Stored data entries

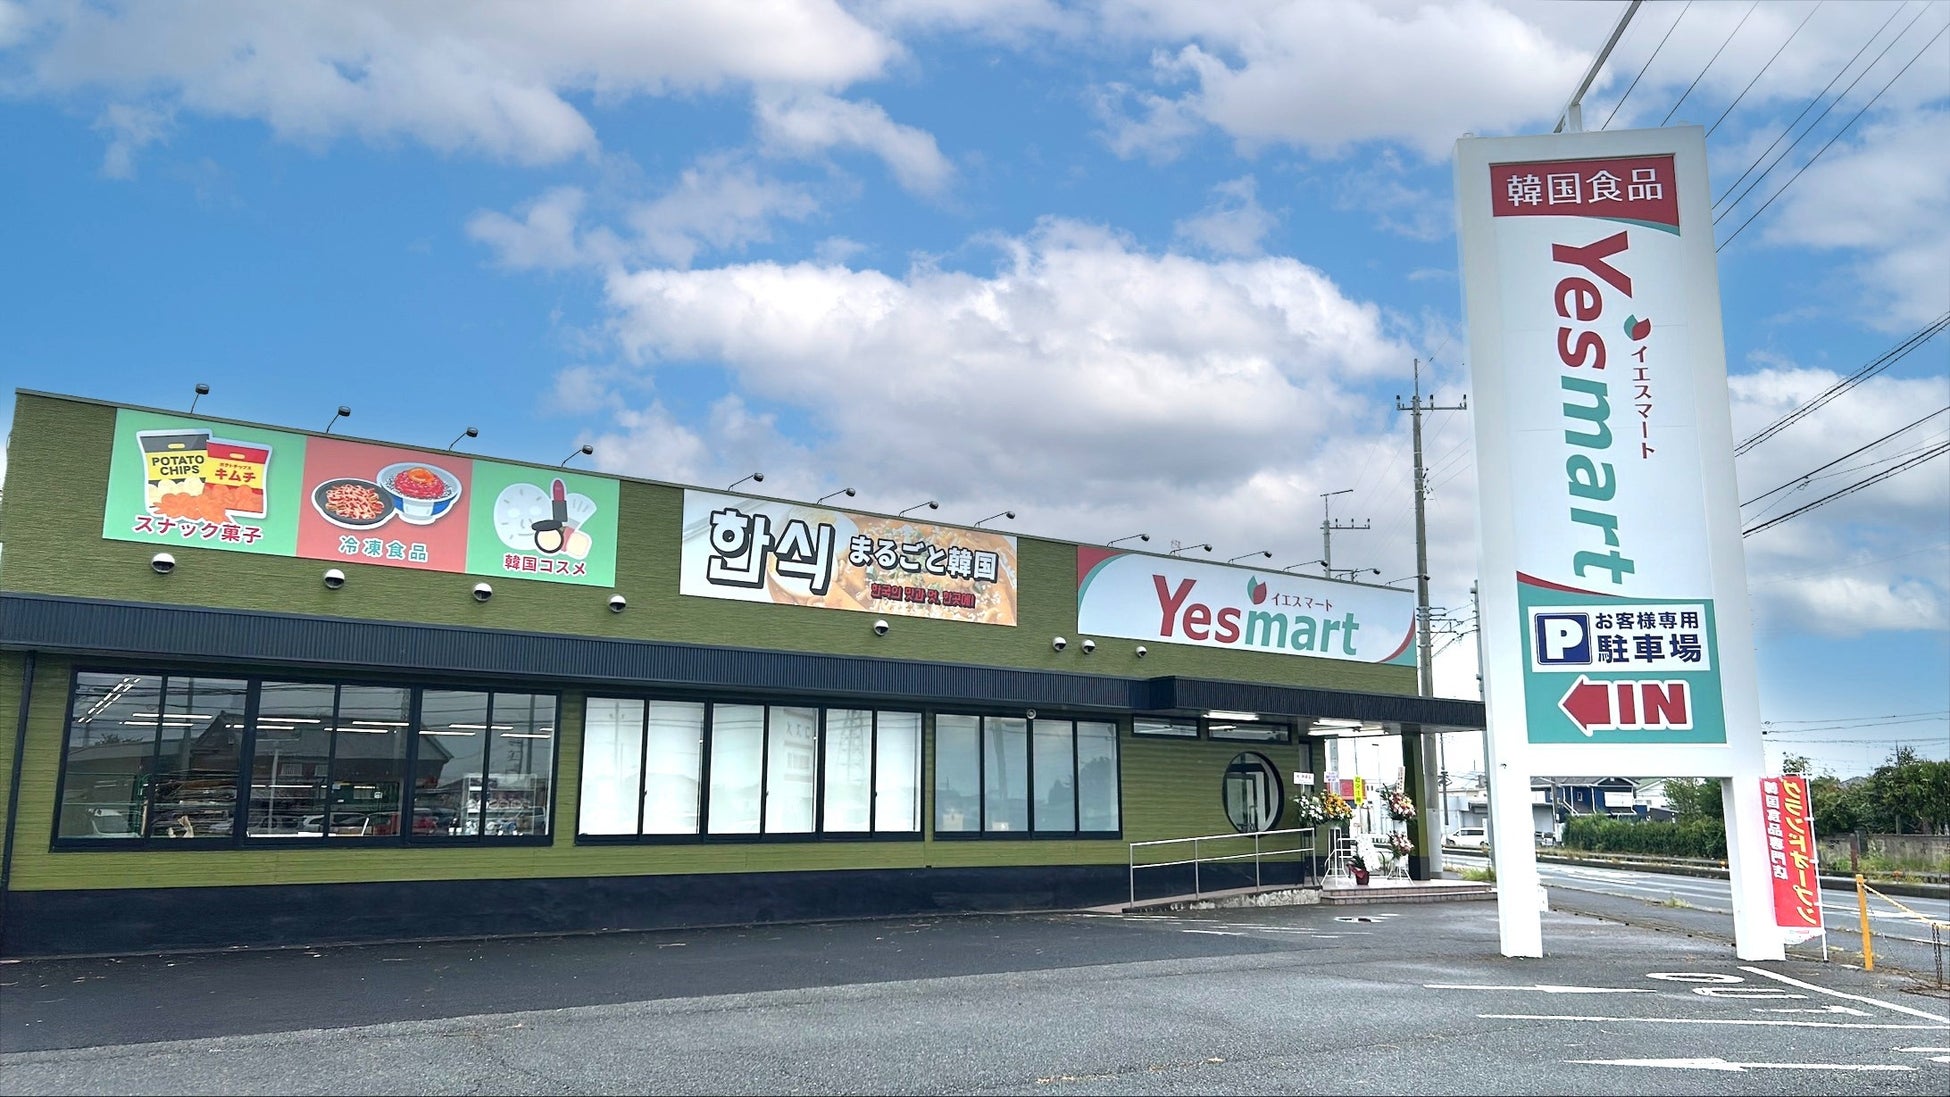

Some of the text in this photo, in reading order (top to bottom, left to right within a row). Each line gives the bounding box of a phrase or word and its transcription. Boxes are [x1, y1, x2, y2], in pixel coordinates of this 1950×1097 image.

[1507, 168, 1663, 207] 韓国食品
[1551, 230, 1635, 585] Yesmart
[1631, 345, 1655, 459] イエスマート
[152, 455, 204, 466] POTATO
[160, 465, 200, 476] CHIPS
[215, 468, 256, 482] キムチ
[134, 516, 262, 544] スナック菓子
[339, 536, 428, 562] 冷凍食品
[707, 508, 836, 596] 한식
[849, 534, 999, 584] まるごと韓国
[503, 553, 587, 577] 韓国コスメ
[871, 583, 903, 601] 한국의
[905, 587, 926, 603] 맛과
[1271, 593, 1333, 612] イエスマート
[1152, 574, 1360, 656] Yesmart
[1595, 611, 1699, 630] お客様専用
[1544, 617, 1584, 660] P
[1597, 633, 1702, 663] 駐車場
[1616, 682, 1688, 725] IN
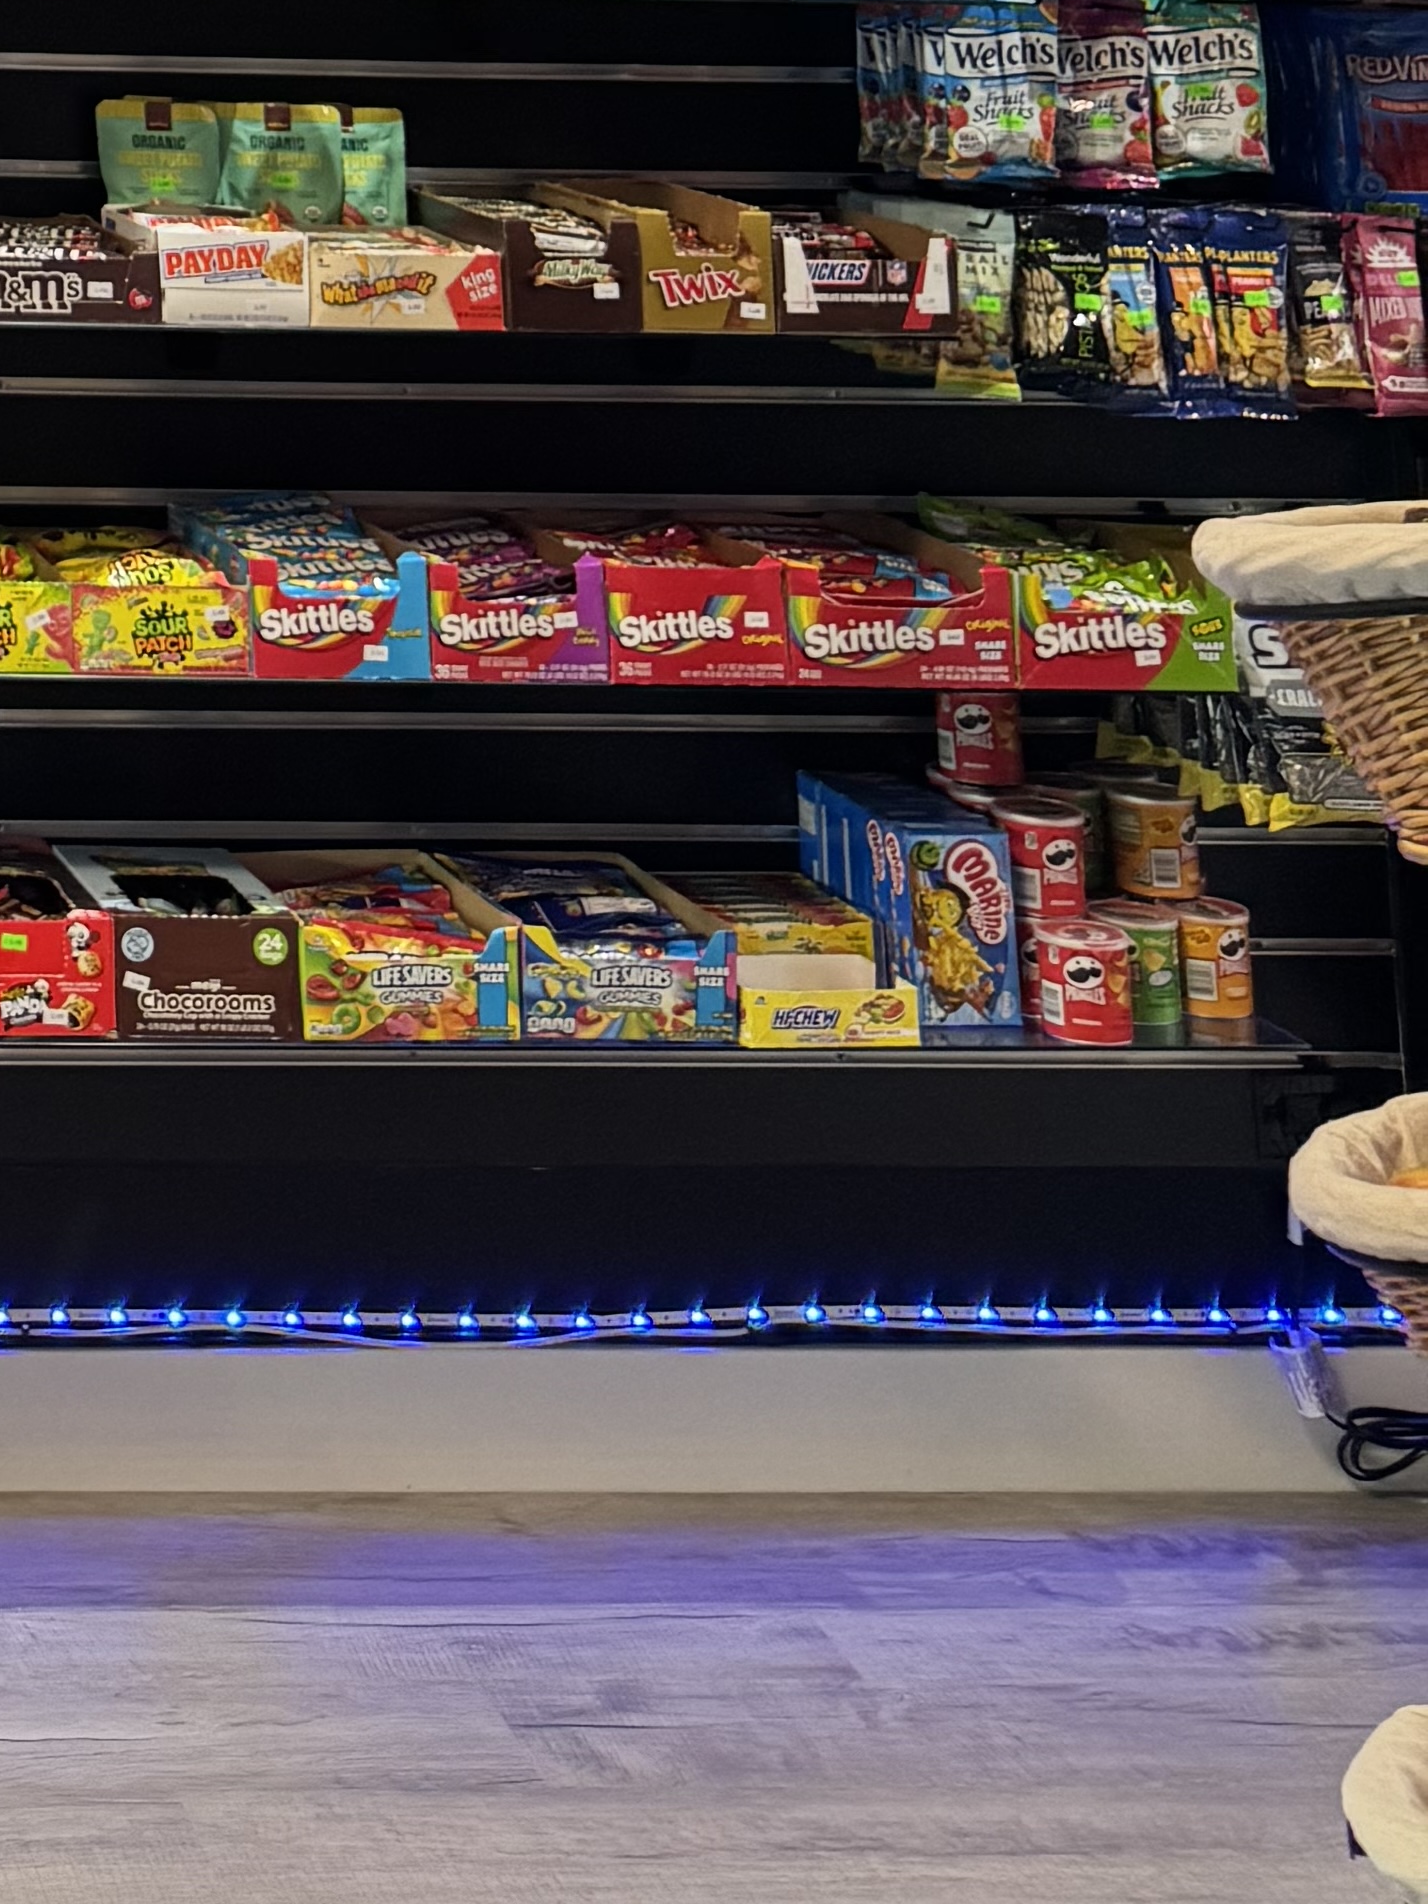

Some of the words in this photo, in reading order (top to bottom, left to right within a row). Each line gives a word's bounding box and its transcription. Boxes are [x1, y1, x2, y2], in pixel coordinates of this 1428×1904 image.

How to complete this task:
All of the records above should be reproduced exactly, with the pictures left out.

Completed task:
Some of the text in this photo, in reading order (top to bottom, left to right within a row). Each line gives the bounding box of a phrase or word and its transcription. Boxes are [x1, y1, x2, y2], in pixel coordinates of this 1950×1097 image.

[1507, 168, 1663, 207] 韓国食品
[1551, 230, 1635, 585] Yesmart
[1631, 345, 1655, 459] イエスマート
[152, 455, 204, 466] POTATO
[160, 465, 200, 476] CHIPS
[215, 468, 256, 482] キムチ
[134, 516, 262, 544] スナック菓子
[339, 536, 428, 562] 冷凍食品
[707, 508, 836, 596] 한식
[849, 534, 999, 584] まるごと韓国
[503, 553, 587, 577] 韓国コスメ
[871, 583, 903, 601] 한국의
[905, 587, 926, 603] 맛과
[1271, 593, 1333, 612] イエスマート
[1152, 574, 1360, 656] Yesmart
[1595, 611, 1699, 630] お客様専用
[1544, 617, 1584, 660] P
[1597, 633, 1702, 663] 駐車場
[1616, 682, 1688, 725] IN

Some of the words in this photo, in reading order (top to bottom, left to right within a row). Each line gives a word's bounding box and its transcription. Boxes are [x1, y1, x2, y2], in pixel coordinates of this 1428×1904 image.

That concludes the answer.